Supercharged returns and the promise of AI have drawn investors—and meme-stock speculators—to equity markets in recent years. But it’s been a very different story for the bond market.

After keeping interest rates near zero for almost a decade after the Great Financial Crisis and again during the COVID era, the Federal Reserve began aggressive rate hikes to fight inflation in March 2022. That led to a painful fixed-income bear market due to the inverse relationship between bond prices and yields (which move with the Fed funds rate). 

It’s now been 46 months since the bond market last reached a record high, and the Bloomberg Aggregate Bond Index is down roughly 50% from that July 2020 peak. But with bonds finally offering solid yields, some of the world’s top fixed-income investors believe this is the best time in a generation to get into bonds.

“The entry point is just very, very attractive,” Anders Persson, CIO of fixed income at the global asset manager Nuveen, told Fortune in a recent interview. “I mean, basically, yields, as you know well, are the most attractive that we’ve seen in 15 plus years.”

As Rick Rieder, global CIO of fixed income and head of the asset allocation team at BlackRock, noted, the Fed’s rate hikes have essentially “put the fixed back into fixed income.”

“You can create a portfolio with a close to 7% yield with volatility that’s pretty moderate. It’s been decades since you’ve been able to do that,” he told Fortune last month.

After investors lock in those yields, bond prices could also rally when the Fed starts cutting rates later this year or next. It’s a golden opportunity for a mix of steady income and price appreciation, according to these bond market gurus.

Why the bond investors are bullish

Persson and Rieder—who are collectively responsible for roughly $2.8 trillion in assets, or about 23 times more than the value of every NBA team put together—are bullish on bonds even as PIMCO co-founder and “bond king” Bill Gross has cautioned that without rate cuts to boost prices, bond market investors will merely be “clipping coupons,” or collecting interest income from yields.

Those coupons are quite juicy in many sub sectors. 

“When you’re looking at 6% or so for broader fixed income, 7% for preferred, 8% for high yield, and almost 10% for senior loans, those entry levels are really, really attractive from a historic basis,” Nuveen’s Persson emphasized.

He added that, historically, there’s a high correlation between future total returns for fixed-income investors and how high yields were when they began investing.
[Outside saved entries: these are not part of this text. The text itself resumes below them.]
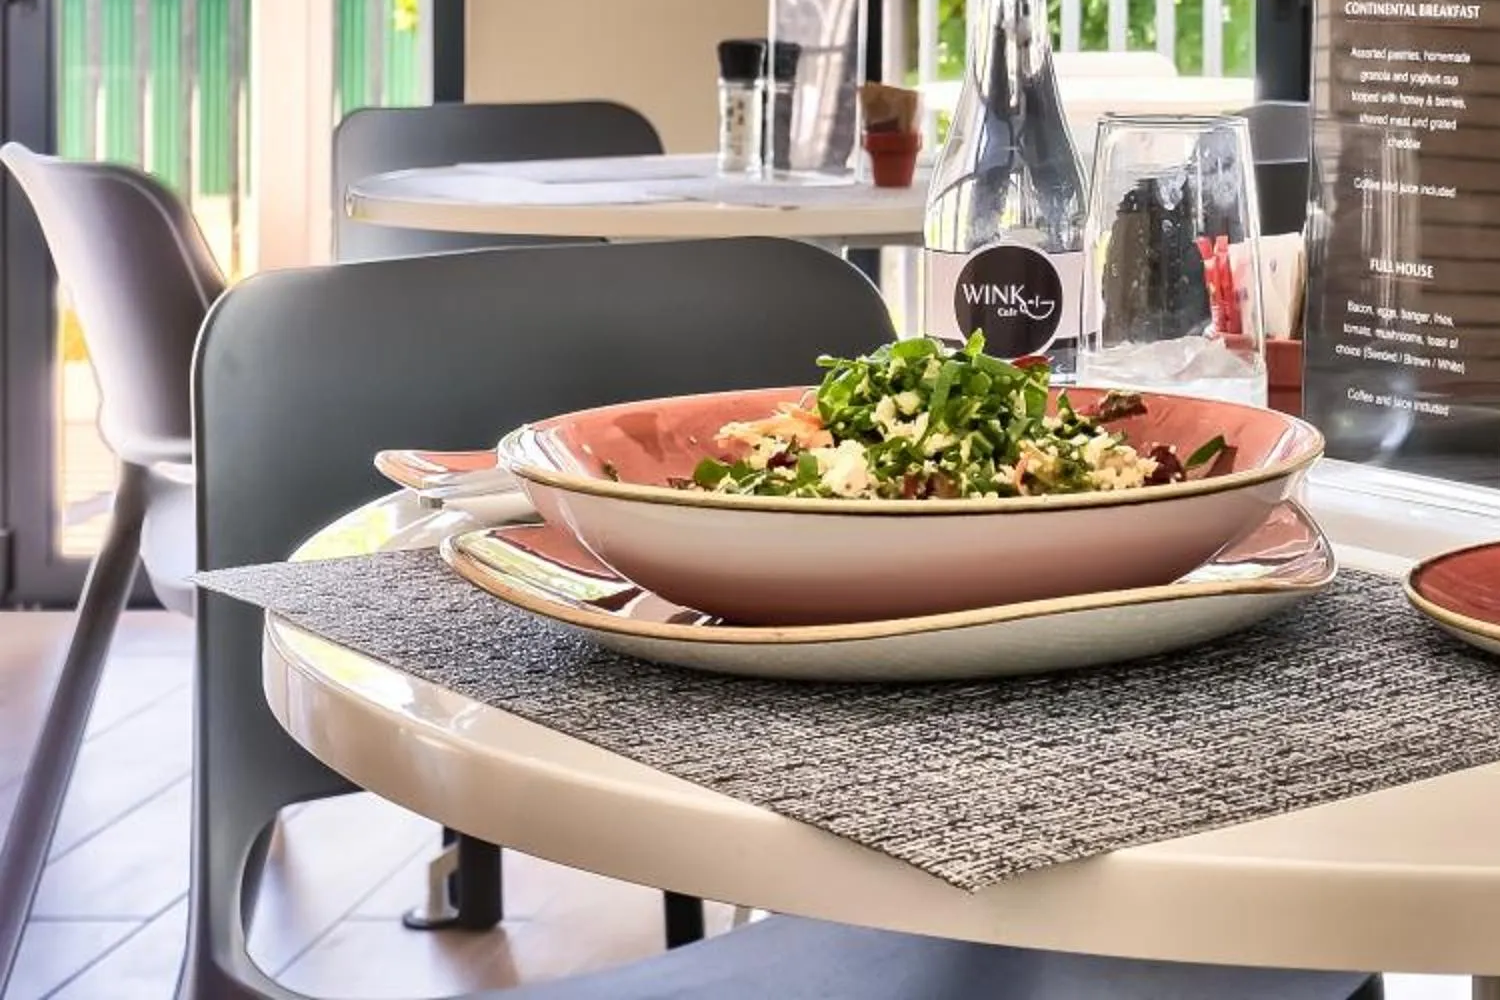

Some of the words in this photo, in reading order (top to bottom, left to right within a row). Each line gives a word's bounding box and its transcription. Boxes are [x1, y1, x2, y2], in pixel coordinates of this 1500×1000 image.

[1345, 2, 1416, 16] CONTINENTAL
[1419, 3, 1480, 18] BREAKFAST
[1360, 70, 1390, 83] granola
[1393, 72, 1408, 82] and
[1410, 73, 1440, 86] yoghurt
[1369, 258, 1394, 273] FULL
[1396, 262, 1434, 278] HOUSE
[962, 283, 1029, 313] WINK
To that point, NYU Stern’s annual return chart shows that bonds tend to outperform after peaks in the Fed’s hiking cycles (i.e. when yields are high). 

Corporate bonds, for example, offered 15%-plus returns to investors for five straight years after then-Fed Chair Paul Volcker famously raised interest rates to a peak of 19% in 1981 to fight runaway inflation. And they outperformed stocks three out of five of those years as well.

Rieder also said there’s serious price appreciation potential in bonds because rate cuts are likely on the way once data eventually confirms the Fed has defeated inflation.

Persson, who is forecasting one or two rate cuts this year, said that if the economy starts to crack, the Fed will have to cut aggressively. “And then you get the total return aspect, or the capital appreciation side, of that investment,” he told Fortune, adding that “in most scenarios, you’re seeing a pretty healthy return potential here over the next 12 months.”

There is also evidence that bonds could still outperform even if interest rates stay where they are, with the Fed maintaining its current wait-and-see mode for longer than expected. In a note to clients last summer, LPL Financial’s chief fixed income strategist, Lawrence Gillum, noted that the Bloomberg Aggregate Bond Index has performed well during periods when the Fed has paused its rate hikes historically.

“Since 1984, core bonds were able to generate average 6-month and 1-year returns of 8% and 13%, respectively, after the Fed stopped raising rates. Moreover, all periods generated positive returns over the 6-month, 1-year, and 3-year horizons,” he wrote.

For Rieder, that’s one reason why the current environment, where the Fed is stuck in a holding pattern, is a Goldilocks zone for fixed income investors. “You have this incredible gift, because inflation is staying where it is, we’re getting to buy credit assets cheaper than we should be,” he explained.